EXERCISE INSTRUCTIONS: Would you transcribe the line containing "Some of the text" and every line after it, through the end of the records below, exactly and with nothing else?

SOURCE RECORDS:

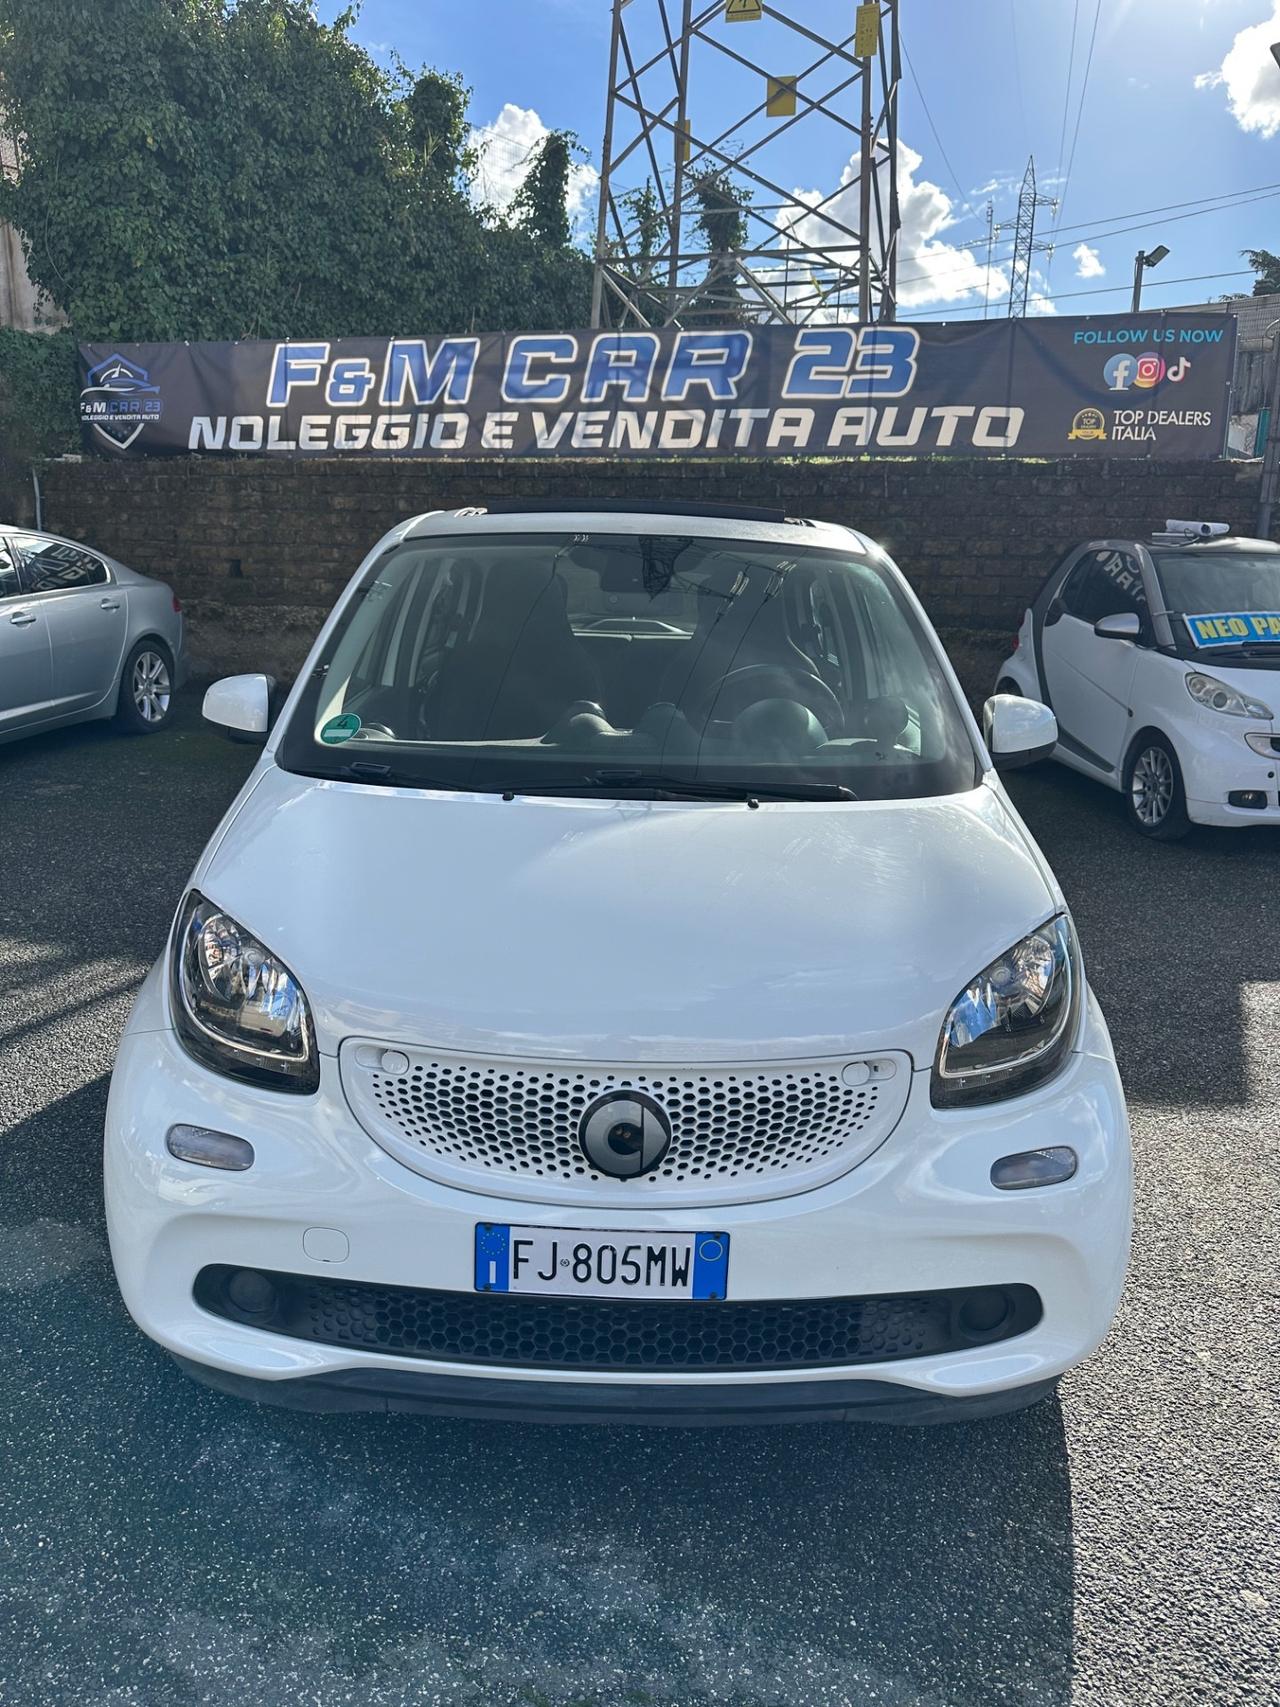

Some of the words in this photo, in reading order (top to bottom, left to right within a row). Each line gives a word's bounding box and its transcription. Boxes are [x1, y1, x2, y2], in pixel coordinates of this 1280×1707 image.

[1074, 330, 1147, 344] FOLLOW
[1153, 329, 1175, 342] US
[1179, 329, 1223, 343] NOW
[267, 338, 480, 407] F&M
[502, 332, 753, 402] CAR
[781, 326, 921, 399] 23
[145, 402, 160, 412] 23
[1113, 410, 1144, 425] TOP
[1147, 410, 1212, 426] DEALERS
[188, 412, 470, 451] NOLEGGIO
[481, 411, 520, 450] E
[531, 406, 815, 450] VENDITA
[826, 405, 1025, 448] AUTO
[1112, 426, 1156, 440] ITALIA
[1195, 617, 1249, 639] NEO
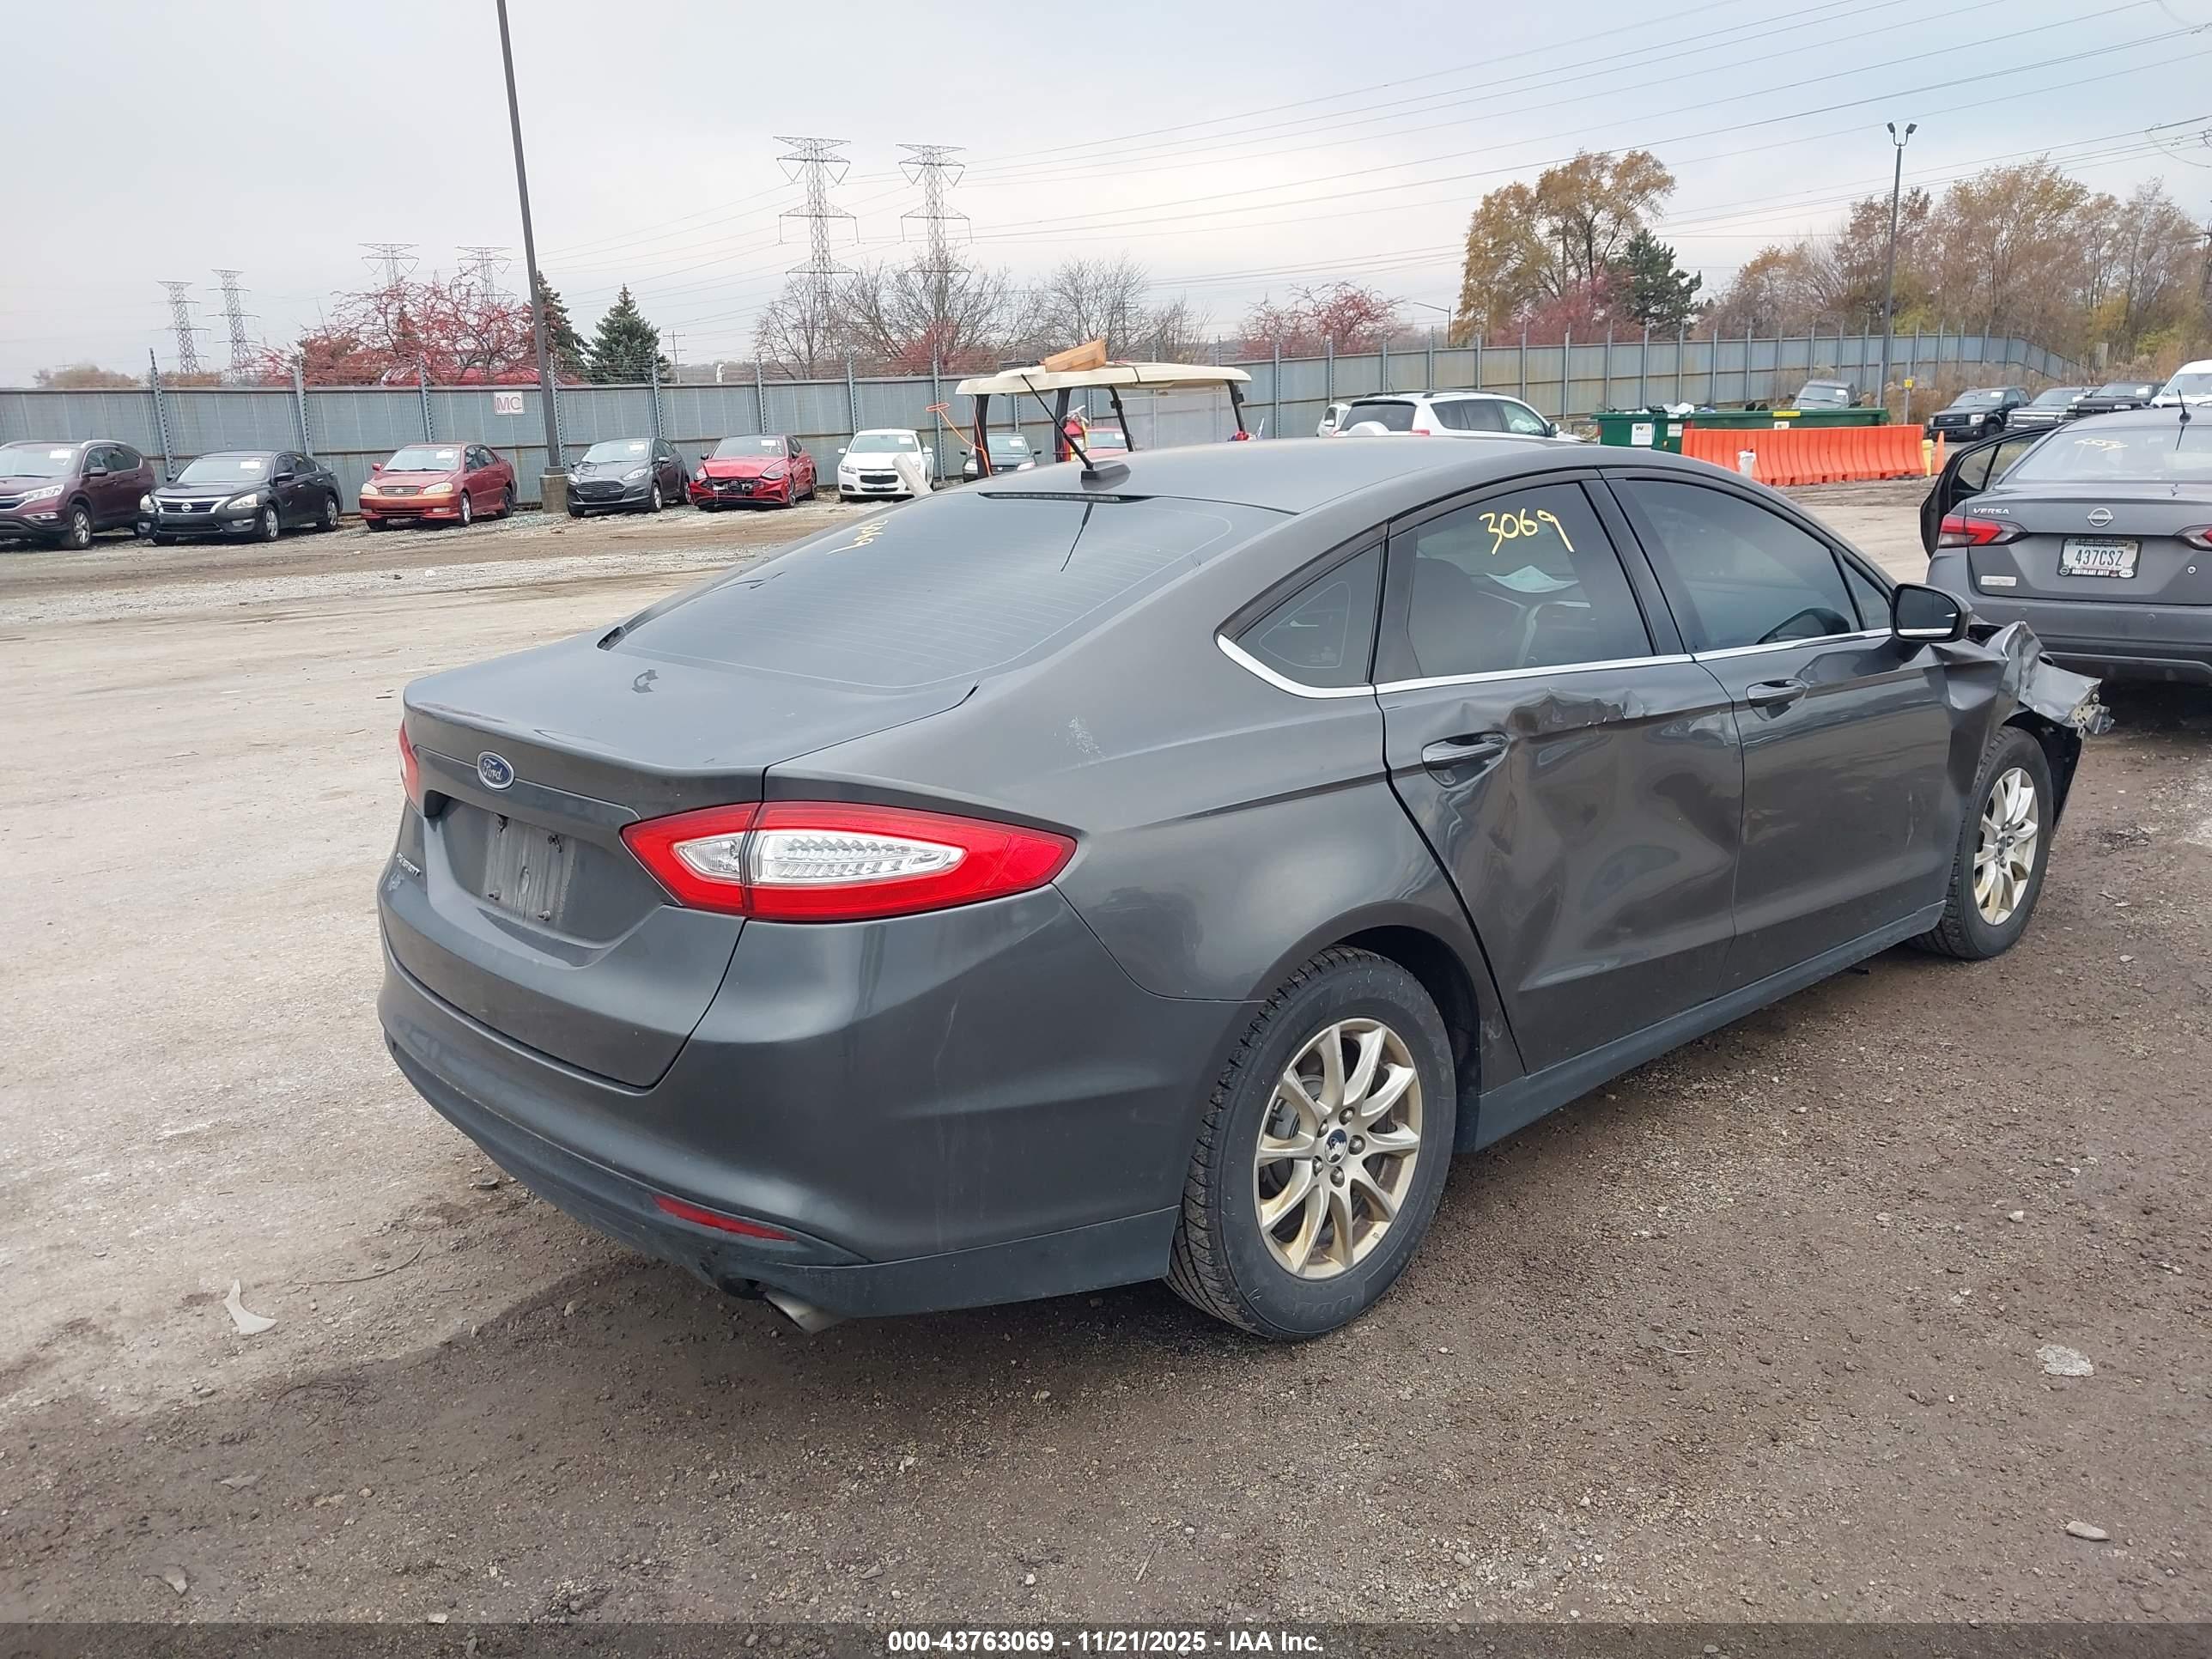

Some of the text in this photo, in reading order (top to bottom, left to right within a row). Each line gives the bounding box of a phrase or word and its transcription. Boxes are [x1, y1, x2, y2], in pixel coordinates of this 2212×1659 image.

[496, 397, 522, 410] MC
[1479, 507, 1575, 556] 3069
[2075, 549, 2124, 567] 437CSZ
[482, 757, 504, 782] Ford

TASK RESPONSE:
Some of the text in this photo, in reading order (top to bottom, left to right within a row). Each line gives the bounding box of a phrase or word and its transcription. Boxes are [x1, y1, x2, y2], in pixel coordinates of this 2212×1659 image.

[496, 397, 522, 410] MC
[1479, 507, 1575, 556] 3069
[2075, 549, 2124, 567] 437CSZ
[482, 757, 504, 782] Ford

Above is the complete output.